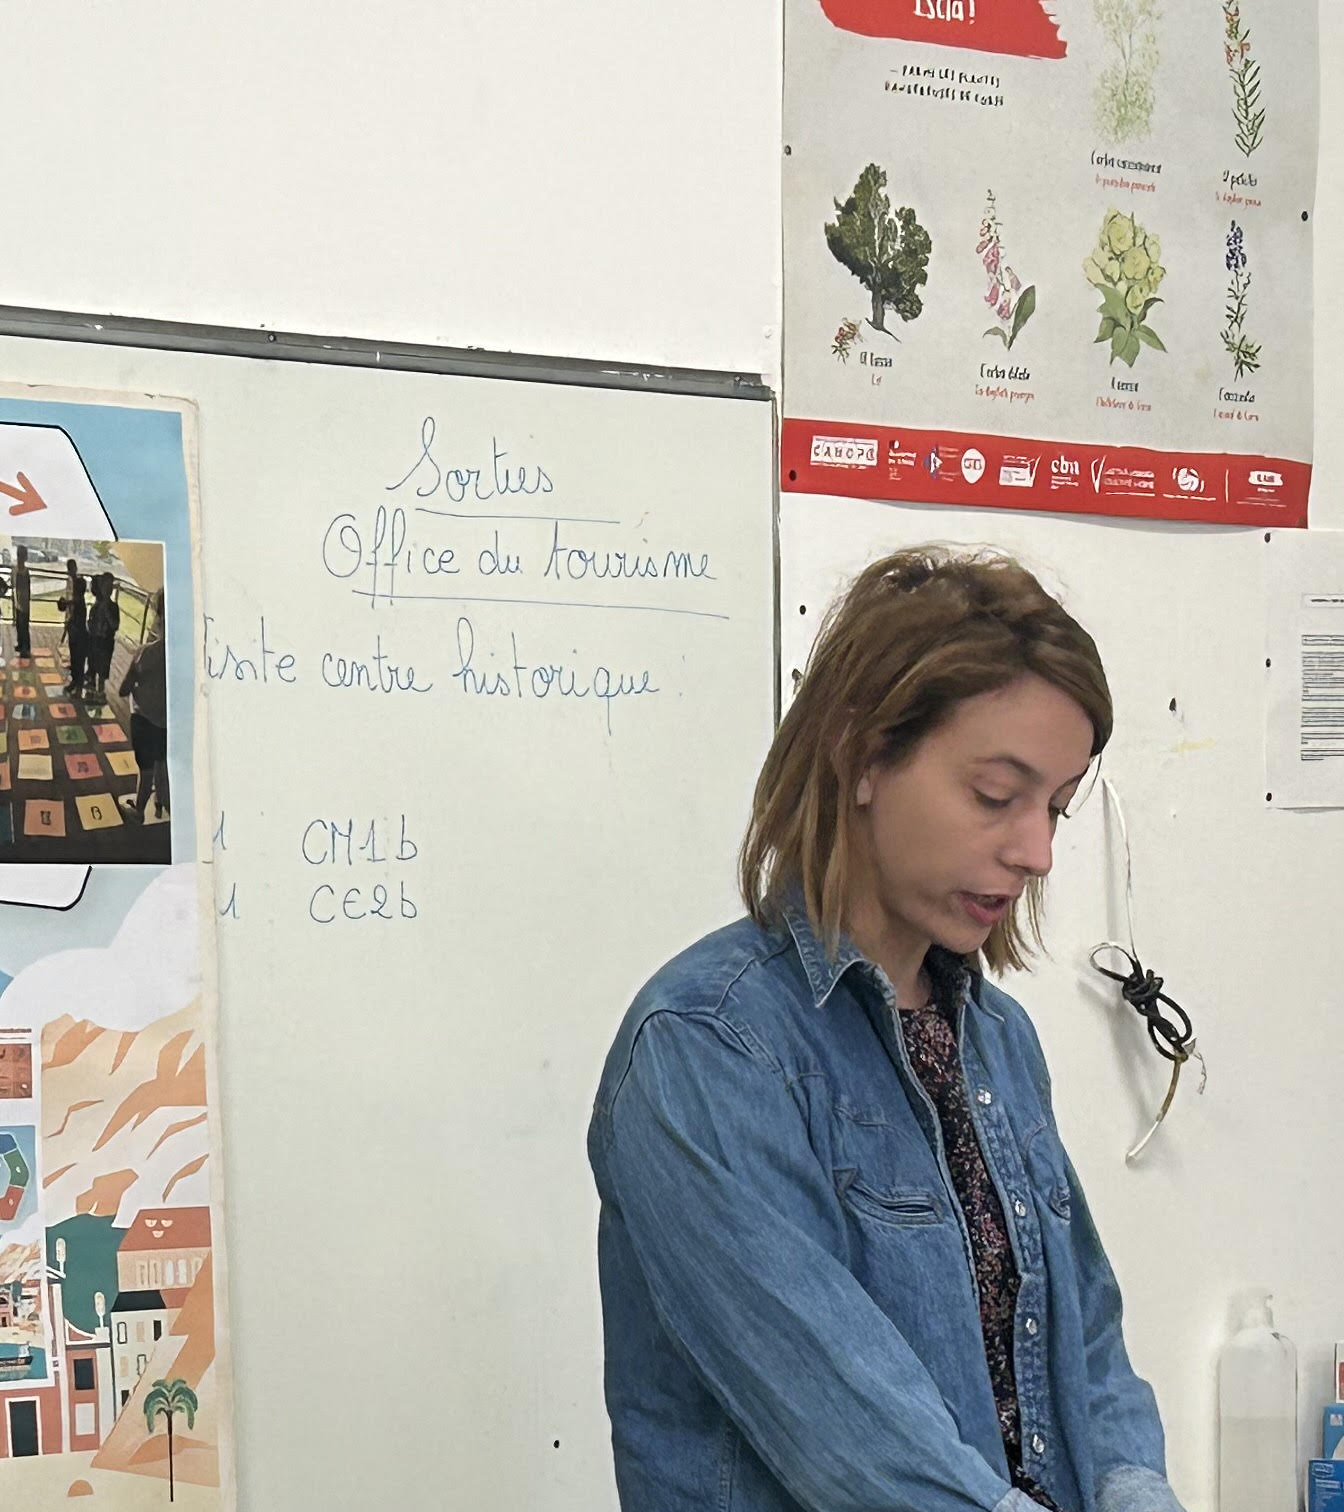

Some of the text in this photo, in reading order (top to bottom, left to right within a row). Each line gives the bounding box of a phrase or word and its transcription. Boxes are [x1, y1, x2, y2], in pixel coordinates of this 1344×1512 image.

[386, 416, 554, 501] Sorties
[322, 505, 718, 610] Office du tourisme
[322, 635, 434, 694] centre
[453, 616, 660, 736] historique
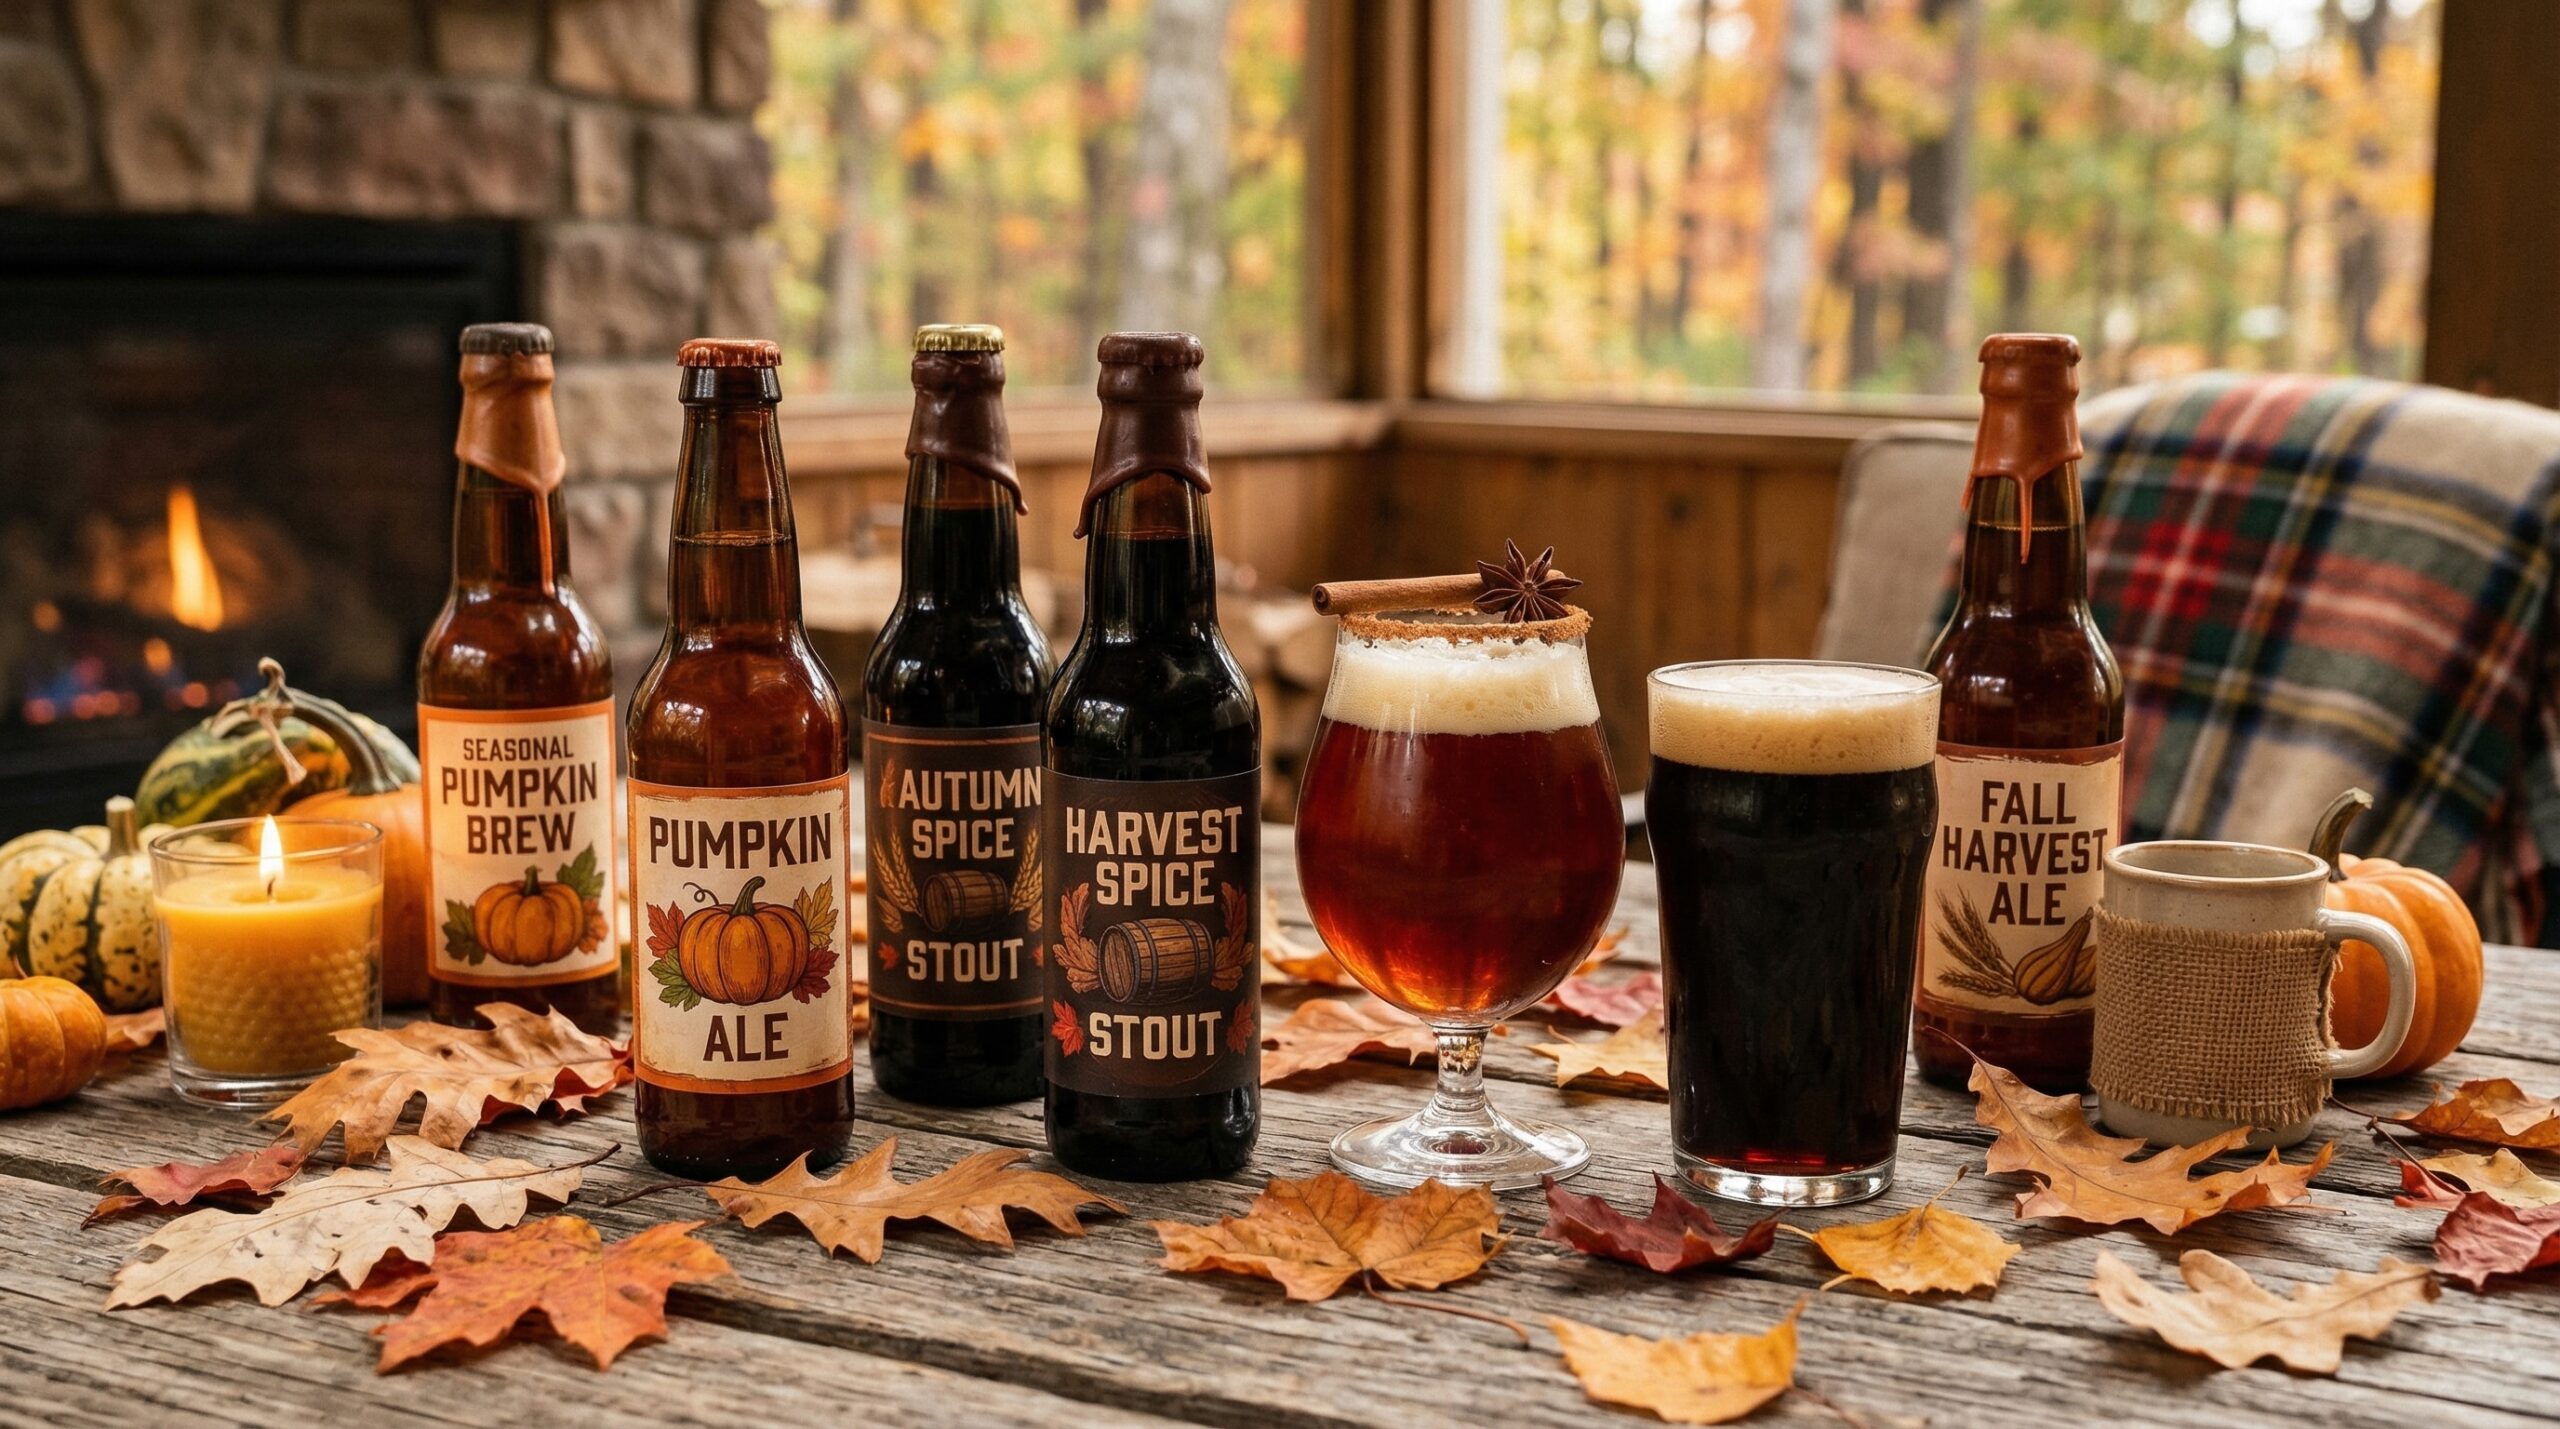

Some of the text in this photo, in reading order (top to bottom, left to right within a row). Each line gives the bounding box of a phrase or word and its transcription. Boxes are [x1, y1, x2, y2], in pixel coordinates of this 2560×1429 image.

WHAT IS REQUIRED: Now reproduce all of the entries precisely, with no pictures in the copy.

EXPECTED ANSWER:
Some of the text in this photo, in reading order (top to bottom, left to right within a row). Each line gives the bounding box of a phrase or word and its transcription. Boxes are [x1, y1, x2, y2], in pixel coordinates of this 1344×1512 image.

[386, 416, 554, 501] Sorties
[322, 505, 718, 610] Office du tourisme
[322, 635, 434, 694] centre
[453, 616, 660, 736] historique

Some of the text in this photo, in reading order (top to bottom, left to right within a row). Each line gives the bounding box of a phrase or word and its transcription. Boxes are [x1, y1, x2, y2], in pixel coordinates of this 2560×1429 image.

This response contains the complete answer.